> **Description of the task**: Set down each record below precisely, skipping the pictures.

--- Source material ---

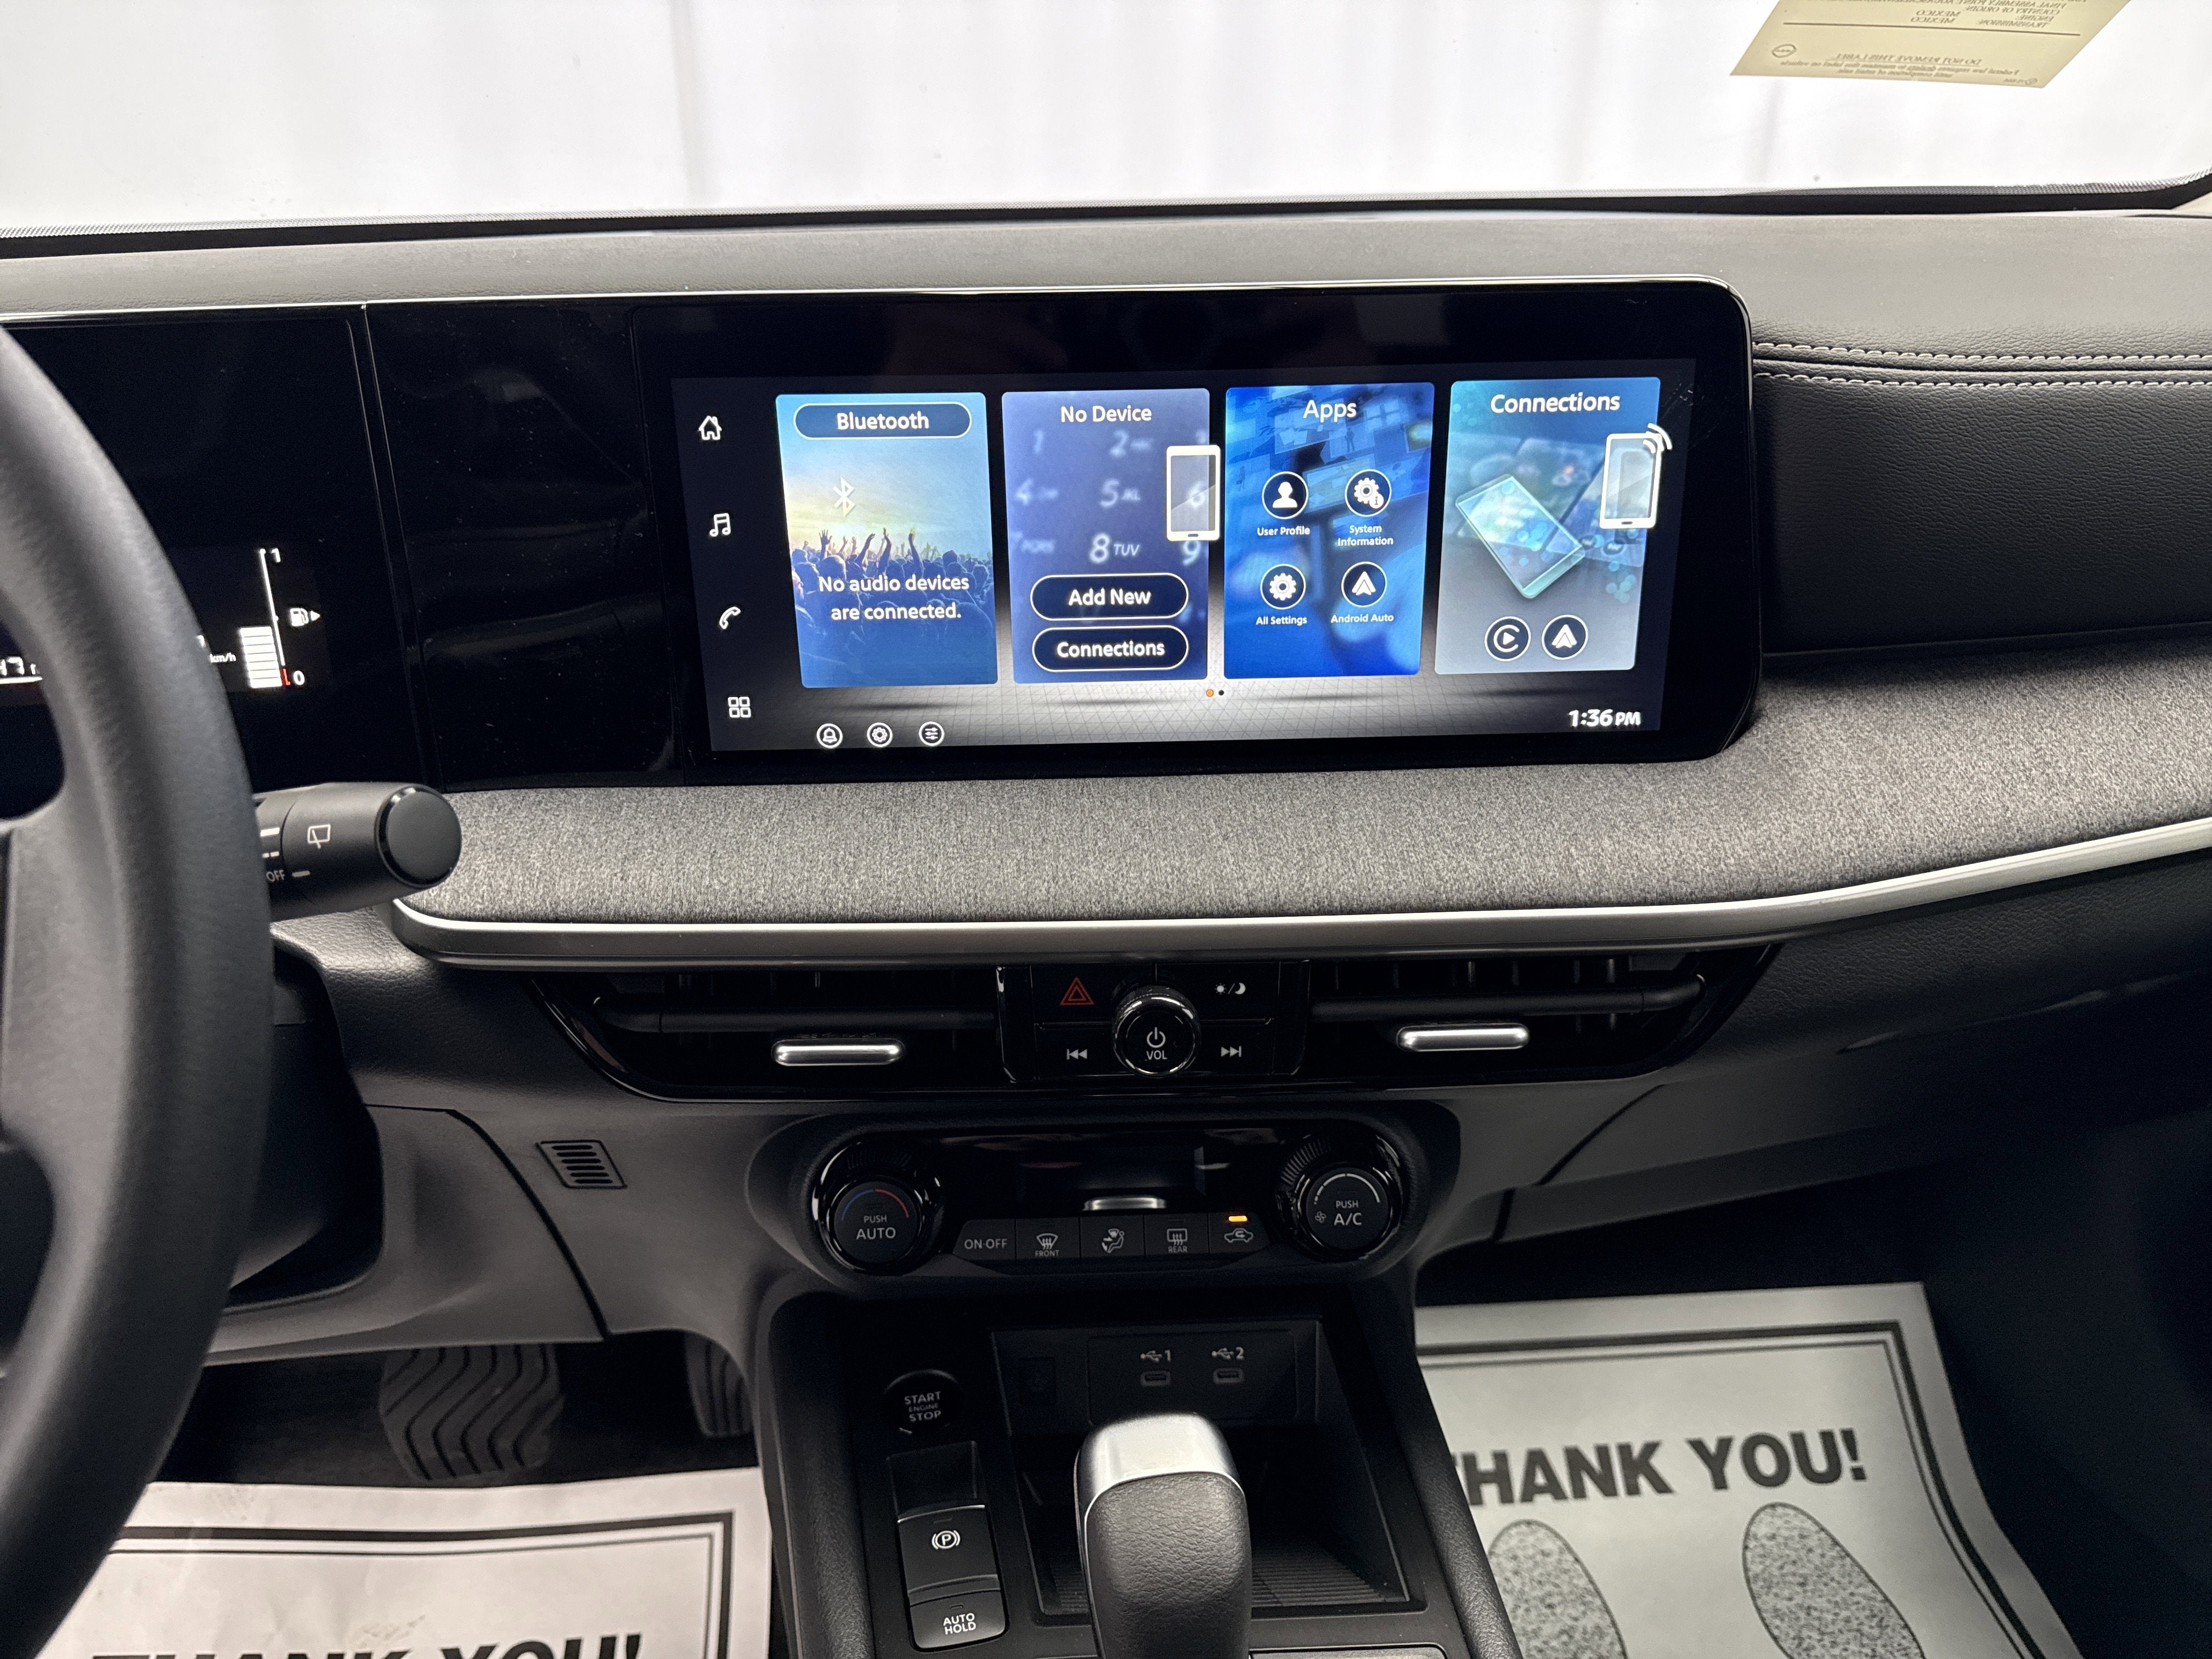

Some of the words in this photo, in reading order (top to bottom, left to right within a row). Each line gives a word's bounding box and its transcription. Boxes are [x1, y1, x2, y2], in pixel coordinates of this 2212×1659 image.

[1303, 400, 1357, 422] Apps
[1490, 393, 1620, 415] Connections
[836, 410, 930, 431] Bluetooth
[1060, 405, 1088, 424] No
[1092, 404, 1153, 423] Device
[1257, 527, 1278, 536] User
[1280, 526, 1311, 535] Profile
[1349, 524, 1383, 535] System
[1089, 532, 1111, 565] 8
[1113, 543, 1141, 557] TUV
[1338, 537, 1394, 547] Information
[818, 575, 845, 593] No
[849, 575, 901, 593] audio
[905, 573, 970, 591] devices
[1068, 589, 1107, 607] Add
[1110, 589, 1152, 606] New
[831, 606, 861, 621] are
[865, 602, 963, 621] connected.
[1256, 616, 1268, 625] All
[1271, 616, 1308, 626] Settings
[1330, 614, 1369, 624] Android
[1370, 614, 1395, 623] Auto
[1056, 640, 1166, 659] Connections
[209, 652, 236, 663] km/h
[293, 670, 305, 685] 0
[266, 870, 286, 883] OFF
[1146, 1049, 1167, 1060] VOL
[1335, 1200, 1359, 1209] PUSH
[864, 1214, 888, 1224] PUSH
[1334, 1212, 1362, 1226] A/C
[856, 1227, 896, 1240] AUTO
[1035, 1250, 1060, 1258] FRONT
[1168, 1245, 1188, 1254] REAR
[904, 1391, 942, 1406] START
[908, 1402, 939, 1413] ENGINE
[908, 1409, 942, 1423] STOP
[1451, 1441, 1675, 1505] HANK
[1686, 1428, 1868, 1491] YOU!
[943, 1612, 975, 1627] AUTO
[944, 1621, 977, 1635] HOLD

---

> **Output for this exercise**:
Some of the words in this photo, in reading order (top to bottom, left to right within a row). Each line gives a word's bounding box and its transcription. Boxes are [x1, y1, x2, y2], in pixel coordinates of this 2212×1659 image.

[1303, 400, 1357, 422] Apps
[1490, 393, 1620, 415] Connections
[836, 410, 930, 431] Bluetooth
[1060, 405, 1088, 424] No
[1092, 404, 1153, 423] Device
[1257, 527, 1278, 536] User
[1280, 526, 1311, 535] Profile
[1349, 524, 1383, 535] System
[1089, 532, 1111, 565] 8
[1113, 543, 1141, 557] TUV
[1338, 537, 1394, 547] Information
[818, 575, 845, 593] No
[849, 575, 901, 593] audio
[905, 573, 970, 591] devices
[1068, 589, 1107, 607] Add
[1110, 589, 1152, 606] New
[831, 606, 861, 621] are
[865, 602, 963, 621] connected.
[1256, 616, 1268, 625] All
[1271, 616, 1308, 626] Settings
[1330, 614, 1369, 624] Android
[1370, 614, 1395, 623] Auto
[1056, 640, 1166, 659] Connections
[209, 652, 236, 663] km/h
[293, 670, 305, 685] 0
[266, 870, 286, 883] OFF
[1146, 1049, 1167, 1060] VOL
[1335, 1200, 1359, 1209] PUSH
[864, 1214, 888, 1224] PUSH
[1334, 1212, 1362, 1226] A/C
[856, 1227, 896, 1240] AUTO
[1035, 1250, 1060, 1258] FRONT
[1168, 1245, 1188, 1254] REAR
[904, 1391, 942, 1406] START
[908, 1402, 939, 1413] ENGINE
[908, 1409, 942, 1423] STOP
[1451, 1441, 1675, 1505] HANK
[1686, 1428, 1868, 1491] YOU!
[943, 1612, 975, 1627] AUTO
[944, 1621, 977, 1635] HOLD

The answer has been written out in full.